Issue using Logstash JDBC Input Plugin with Multiple Dynamic Tables

Hi All !

I'm implementing a Logstash solution to fetch events from MSSQL database with the relevant data present:

  • In a fixed set of well known database tables with fixed columns;

  • BUT also have the most important data in a dynamic number of additional tables - that will be created in the DB at any time - and those tables will also have a dynamic number of columns (some of them are fixed and known, the rest can vary in number and name);

The set of well known database tables with fixed fields don't present a challenge in Logstash - I have several JDBC Inputs present to deal with each table, each one with a simple SQL statement defined and numeric column tracking, and works like a charm as expected.

The challenge presents itself with the dynamic tables, both in number and in number of columns in them.

I already have a block of SQL code that works very well on generating data from those dynamic tables, but I'm unable to use it with a JDBC Input using a statement_path configuration, also with numeric column tracking.

It seems that the SQL code is too complex to use together with statement_path, it simply generates a JDBC Exception and no data is fetch...

Also, it seems that the :sql_last_value is not being passed as numeric but as a timestamp, which is also strange...

Am I missing something?
How this challenge can be solved?

The SQL code is the following (for MSSQL):

DECLARE @TableName nvarchar(1024)
DECLARE @DynSQL nvarchar(MAX)
DECLARE cursor1 CURSOR FOR
    select name
    from sys.tables
    where name like 'tablename_pattern_%'

Set @DynSQL = ''
OPEN cursor1
FETCH NEXT FROM cursor1 INTO @TableName

WHILE @@FETCH_STATUS = 0
BEGIN
    Set @DynSQL = @DynSQL + 'SELECT *  FROM ' + @TableName
    FETCH NEXT FROM cursor1
    INTO @TableName
    If @@FETCH_STATUS = 0
    BEGIN
        Set @DynSQL = @DynSQL + ' WHERE [id] > :sql_last_value ; '
    END
END

CLOSE cursor1
DEALLOCATE cursor1

EXEC sp_executesql @DynSQL

Some advances...

Created an Stored Procedure with the above SQL Code, but with statement using EXECUTE, I'm getting an JDBC exception:

[2018-06-06T18:23:01,008][ERROR][logstash.inputs.jdbc ] Java::ComMicrosoftSqlserverJdbc::SQLServerException: Incorrect syntax near the keyword 'EXECUTE'.: SELECT TOP (1) count(*) AS [COUNT] FROM (EXECUTE [dbo].[sp_FetchDynaTablesEntries] @TrackColumn = N'id', @LastValue = N'0') AS [T1]

Some more advances...
At it seems we have here a Logstash BUG !
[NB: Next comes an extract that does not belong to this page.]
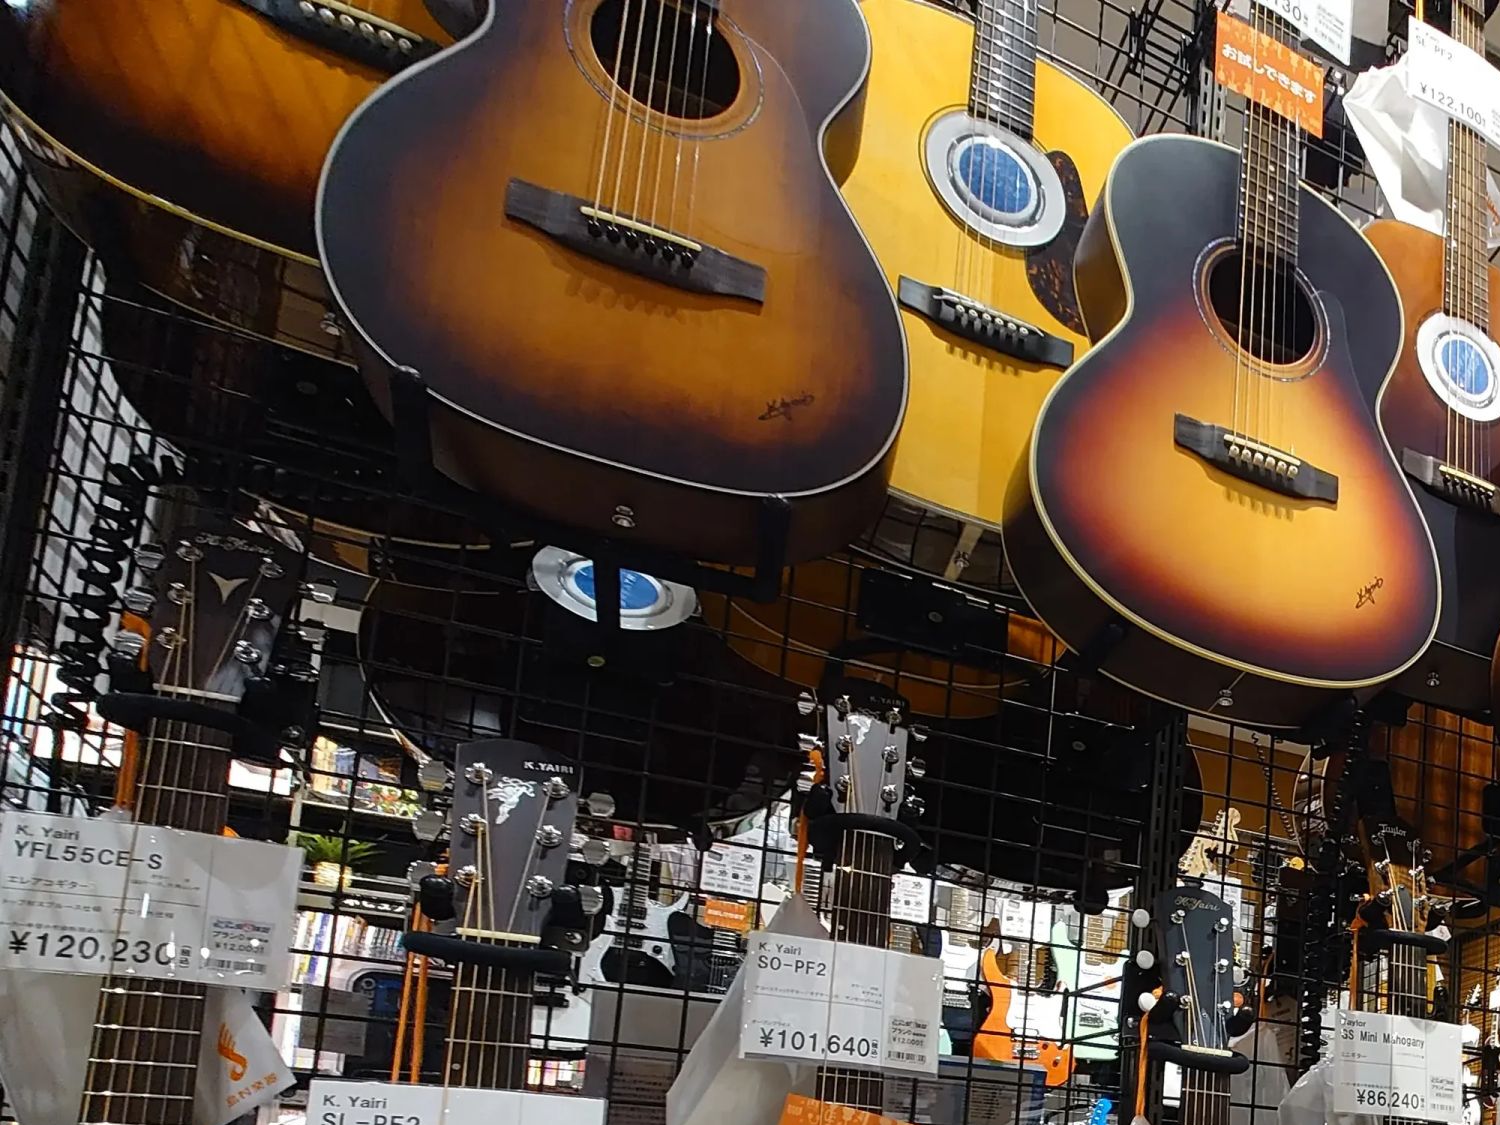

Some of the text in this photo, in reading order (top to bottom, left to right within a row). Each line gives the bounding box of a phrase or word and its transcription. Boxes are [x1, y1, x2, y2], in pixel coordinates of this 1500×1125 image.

Created another file with the execution of the Stored Procedure:

EXECUTE [dbo].[sp_FetchDynaTablesEntries] @TrackColumn = N'id', @LastValue = N':sql_last_value'

and referenced it with statement_filepath, BUT I'm getting the same JDBC Exception:

[ERROR][logstash.inputs.jdbc ] Java::ComMicrosoftSqlserverJdbc::SQLServerException: Incorrect syntax near the keyword 'EXECUTE'.: SELECT TOP (1) count(*) AS [COUNT] FROM (EXECUTE [dbo].[sp_FetchDynaTablesEntries] @TrackColumn = N'id', @LastValue = N'0') AS [T1]

WHEN I USE --log.level=debug !

If I use --log.level=error the statement is executed...

So what gives?

This is a well known problem (to the LS developers at least).

When set to debug logging, we log out a count of the records we are going to fetch.
However, as we internally don't build the SQL, we get it from you and we don't have a universal SQL parser for all dialects, so we wrap your statement as a sub select to execute the count statement.

SELECT TOP (1) count(*) AS [COUNT] FROM (
EXECUTE [dbo].[sp_FetchDynaTablesEntries] @TrackColumn = N'id', @LastValue = N'0'
) AS [T1]

The first and last lines ^ are the wrapper. Your statement is on line 2.
Mostly this works quite well, but occasionally the statement will not parse.

One alternative we are considering is to give you the option of supplying a count_statement setting - however you would have to ensure that the result was a single row with one column called COUNT or count having a integer datatype.

Ok, I see...

So without debug logging I would probably could use directly the MSSQL T-SQL Code with statement_filepath, without needing to make a Store Procedure, right?

I'm having now one more issue...
That code return several sets of results (one different for each table), but I'm only getting some of them (of some tables, others do not appear).

What can be causing this?

Its worth a test and report back of your results - for others to read :slight_smile:

I can't recall anyone returning multiple result sets and the input plugin handling it properly.

Maybe investigate multiple pipelines with a JDBC Input in each that loads from a specific Stored Procedure.

This topic was automatically closed 28 days after the last reply. New replies are no longer allowed.